The development of shape-stabilized composite phase change materials (PCMs) is critical for realization of efficient thermal energy management systems and sustainable energy utilization. Herein, we designed an intelligent, multifunctional, organic composite PCMs with a three-dimensional (3D) hybrid nanocomposite and n-pentadecane. The 3D hybrid material was designed via integration of exfoliated graphene nanoplatelets (xGnP) and multiwalled carbon nanotubes (CNTs). The hybrid nanocomposite exploited the distinctive attributes and synergistic effect of each the supporting component for the well-designed composite PCMs to demonstrate high physical and thermochemical responses. The obtained composite PCM presented a high loading ratio of 82.7% and latent heat of 150.9 ± 0.9 J/g (which is 36% higher than that of the pristine xGnP-supported PCMs) owing to favorable space availability for phase change transformation with the aid of the CNTs skeleton. Moreover, the composite exhibited reduced supercooling (56.6% lower than that of CNTs-supported n-alkane), high leakage resistance capability, and thermal stability performance. The composite PCMs can also enable realization of a thermoelectric conversion system (lower than 10¹ Ω m resistivity, which is a reduction of more than six orders of magnitude compared with pristine n-alkane) and exhibit high thermal diffusivity (up to 3.707 mm²/s), indicating several practical applications thereof.

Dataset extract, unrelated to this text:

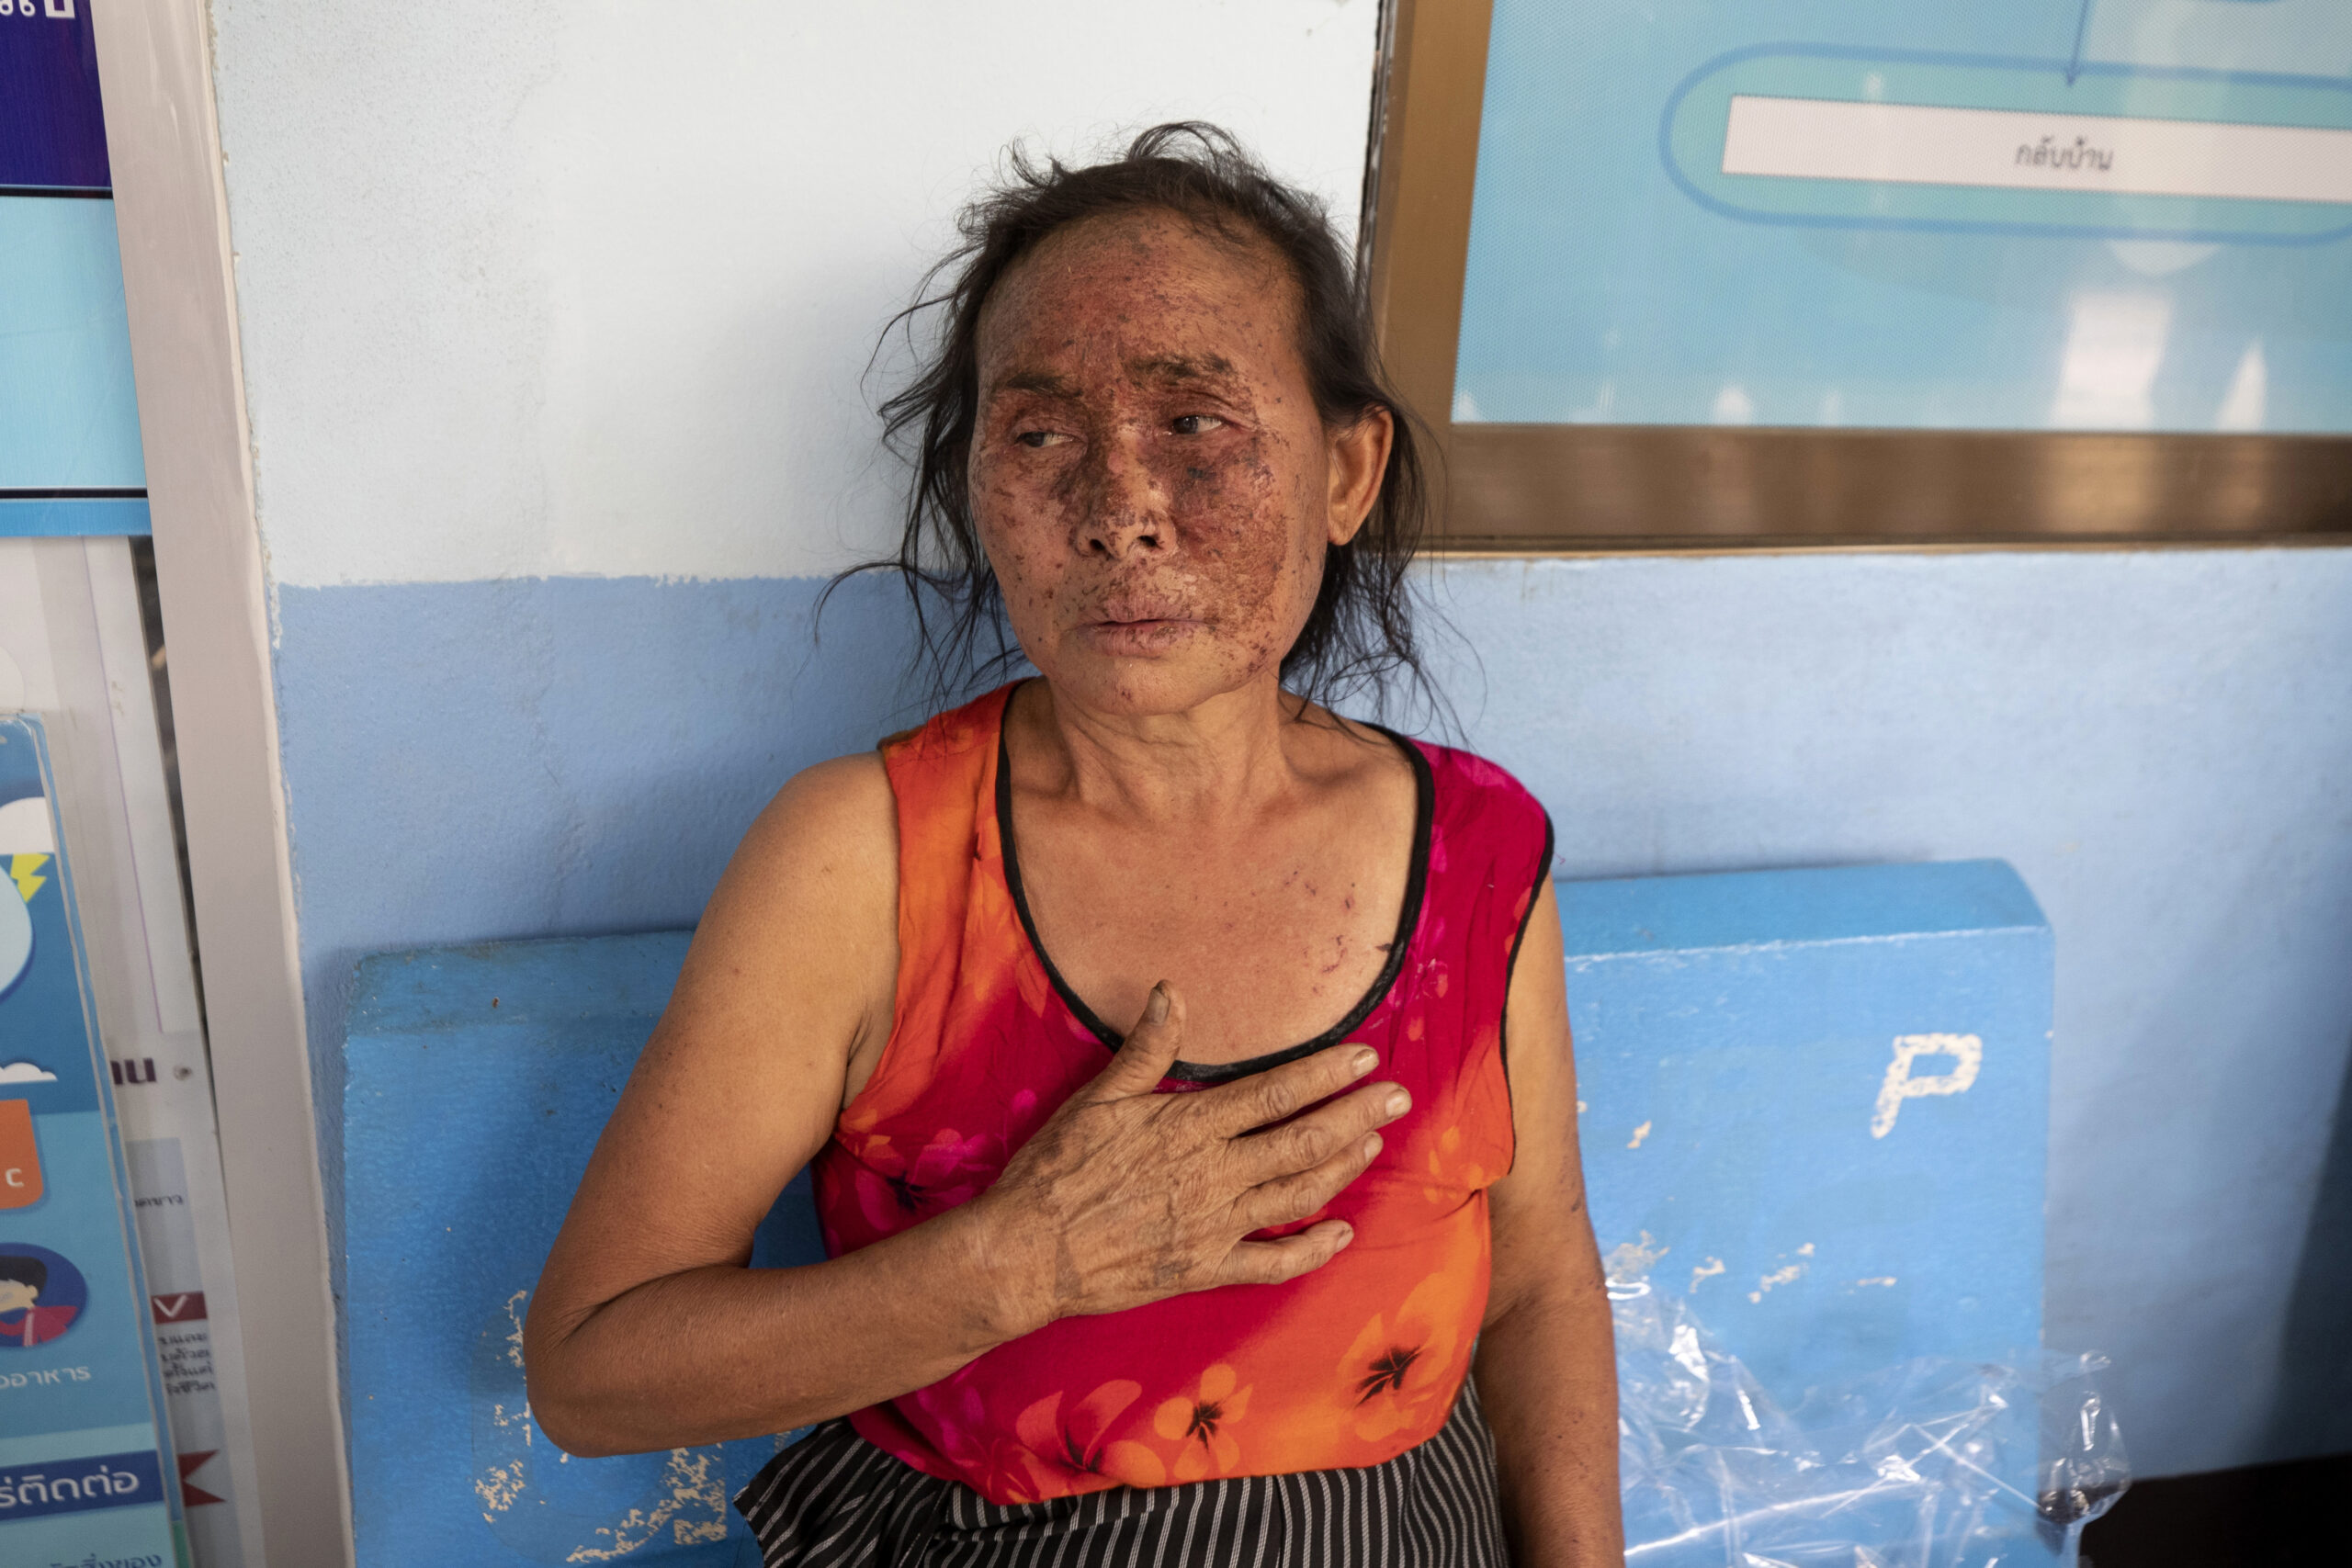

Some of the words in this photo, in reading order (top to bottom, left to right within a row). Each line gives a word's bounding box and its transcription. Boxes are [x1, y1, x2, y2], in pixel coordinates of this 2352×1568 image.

[2016, 135, 2114, 172] กลับบ้าน
[1871, 1032, 1983, 1139] P
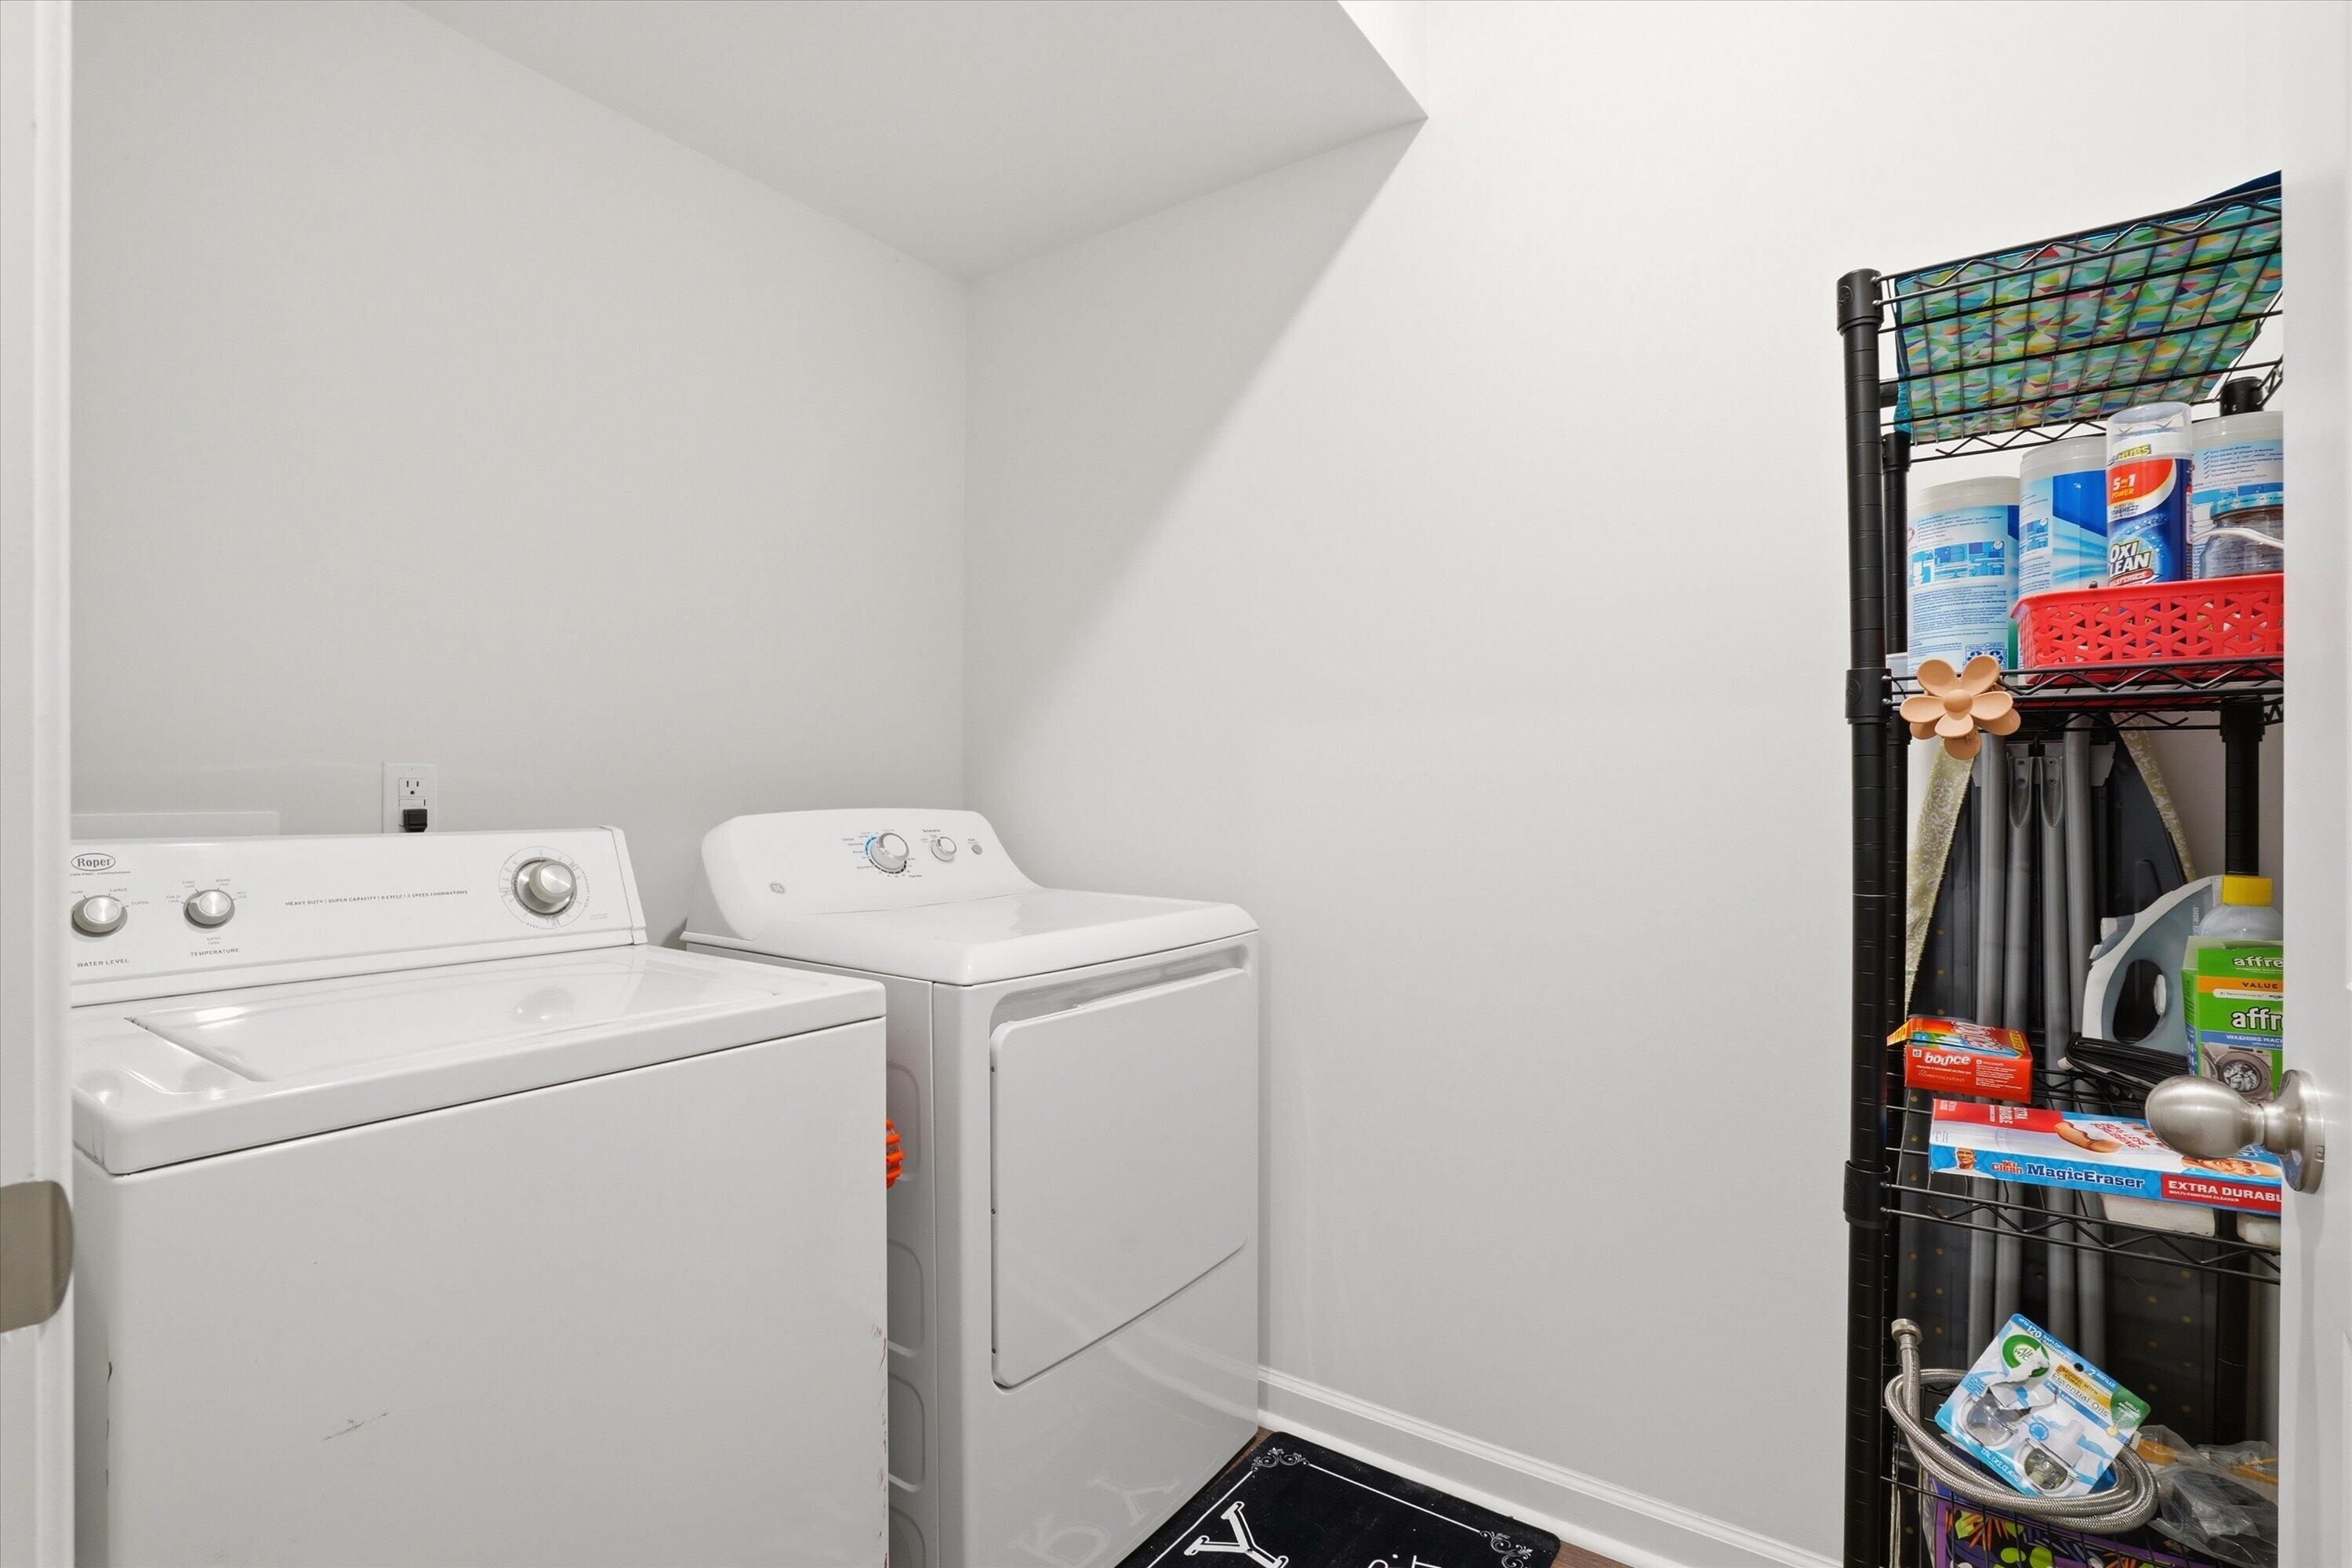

形状稳定的复合相变材料（PCM）的开发对于实现有效的热能管理系统和可持续的能源利用至关重要。在这里，我们设计了一种智能的，多功能的有机复合材料PCM，它具有三维（3D）杂化纳米复合材料和正十五烷。通过剥离石墨烯纳米片（xGnP）和多壁碳纳米管（CNT）的集成来设计3D杂化材料。杂化的纳米复合材料利用精心设计的复合材料PCM的每个支撑成分的独特属性和协同效应，表现出较高的物理和热化学响应。所得复合材料PCM具有82.7％的高负载率和150.9±0的潜热。9 J / g（比原始的xGnP支持的PCM高36 J / g），这是因为在CNTs骨架的帮助下可用于相变转换的空间利用率很高。此外，该复合材料表现出降低的过冷度（比CNTs负载的正构烷烃降低了56.6％），高抗渗能力和热稳定性能。复合PCM还可以实现热电转换系统（低于10^1层 Ω米的电阻率，这是一个降低幅度超过六个数量与原始相比Ñ烷烃）和表现出高的热扩散率（高达3.707毫米² / s）的，指示其几个实际应用。